*EXERCISE OBJECTIVE*
Where a picture appears, leave it out; copy everything else in the records exactly.

*TASK MATERIAL*
########
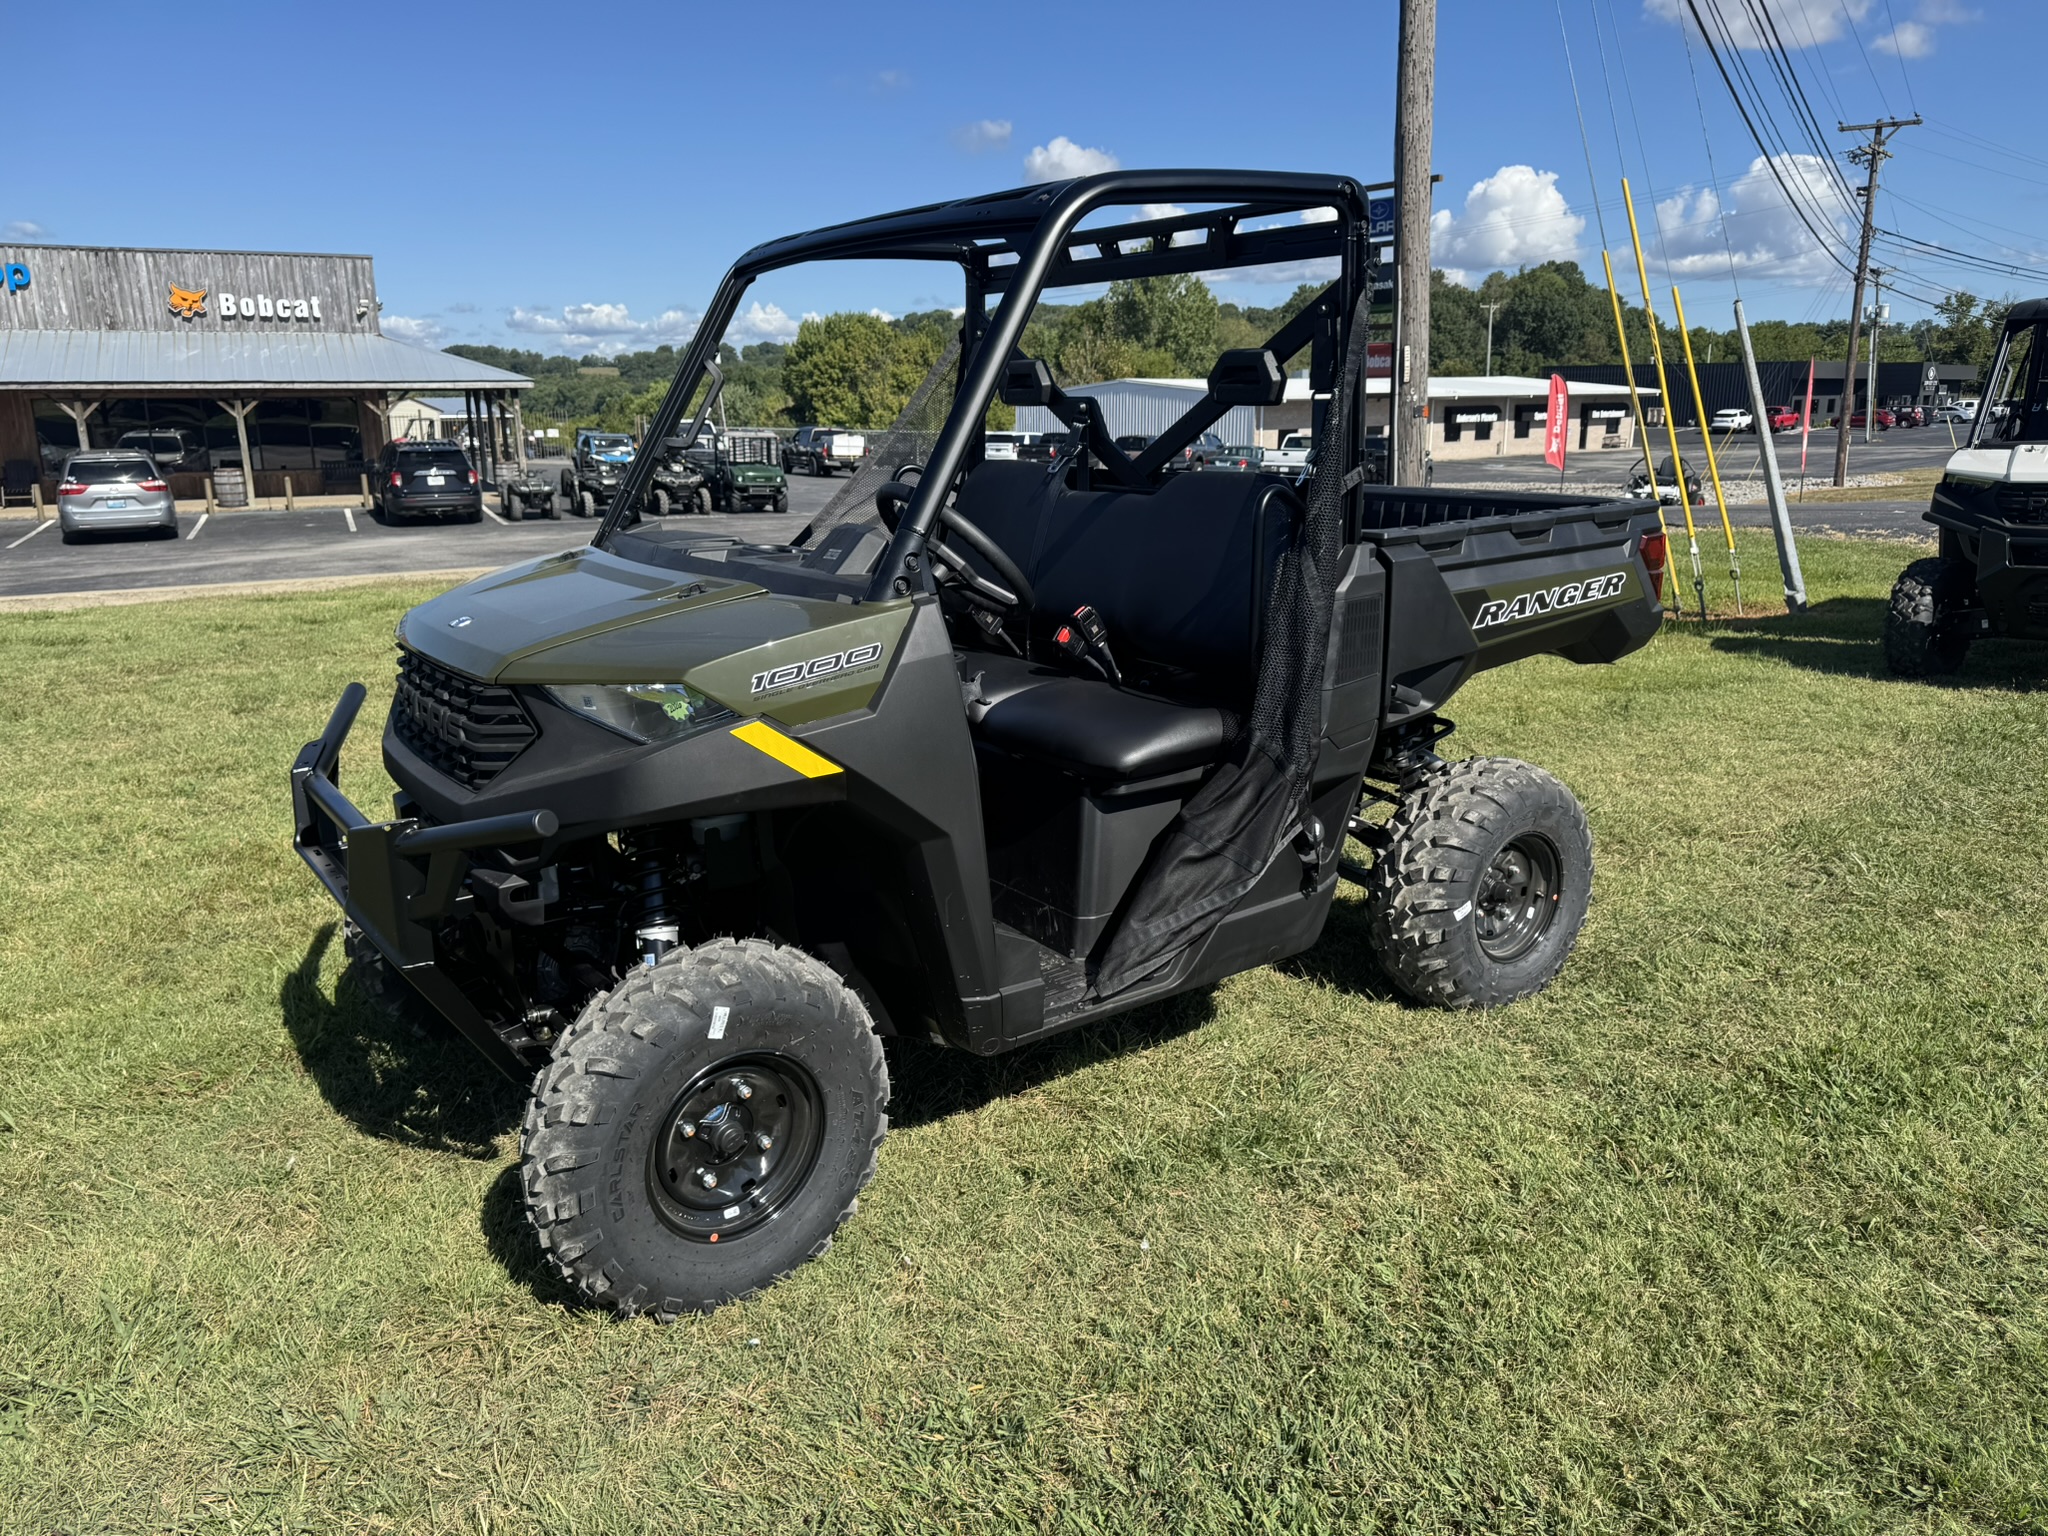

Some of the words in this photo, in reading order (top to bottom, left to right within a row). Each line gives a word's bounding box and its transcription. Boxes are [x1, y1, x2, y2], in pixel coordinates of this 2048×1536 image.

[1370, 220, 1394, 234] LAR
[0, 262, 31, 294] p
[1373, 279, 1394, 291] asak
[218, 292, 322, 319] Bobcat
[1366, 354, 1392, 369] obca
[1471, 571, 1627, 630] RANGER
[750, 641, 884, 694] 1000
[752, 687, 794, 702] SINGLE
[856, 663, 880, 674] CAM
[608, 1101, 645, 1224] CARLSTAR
########
*SOLVED EXERCISE*
Some of the words in this photo, in reading order (top to bottom, left to right within a row). Each line gives a word's bounding box and its transcription. Boxes are [x1, y1, x2, y2], in pixel coordinates of this 2048×1536 image.

[1370, 220, 1394, 234] LAR
[0, 262, 31, 294] p
[1373, 279, 1394, 291] asak
[218, 292, 322, 319] Bobcat
[1366, 354, 1392, 369] obca
[1471, 571, 1627, 630] RANGER
[750, 641, 884, 694] 1000
[752, 687, 794, 702] SINGLE
[856, 663, 880, 674] CAM
[608, 1101, 645, 1224] CARLSTAR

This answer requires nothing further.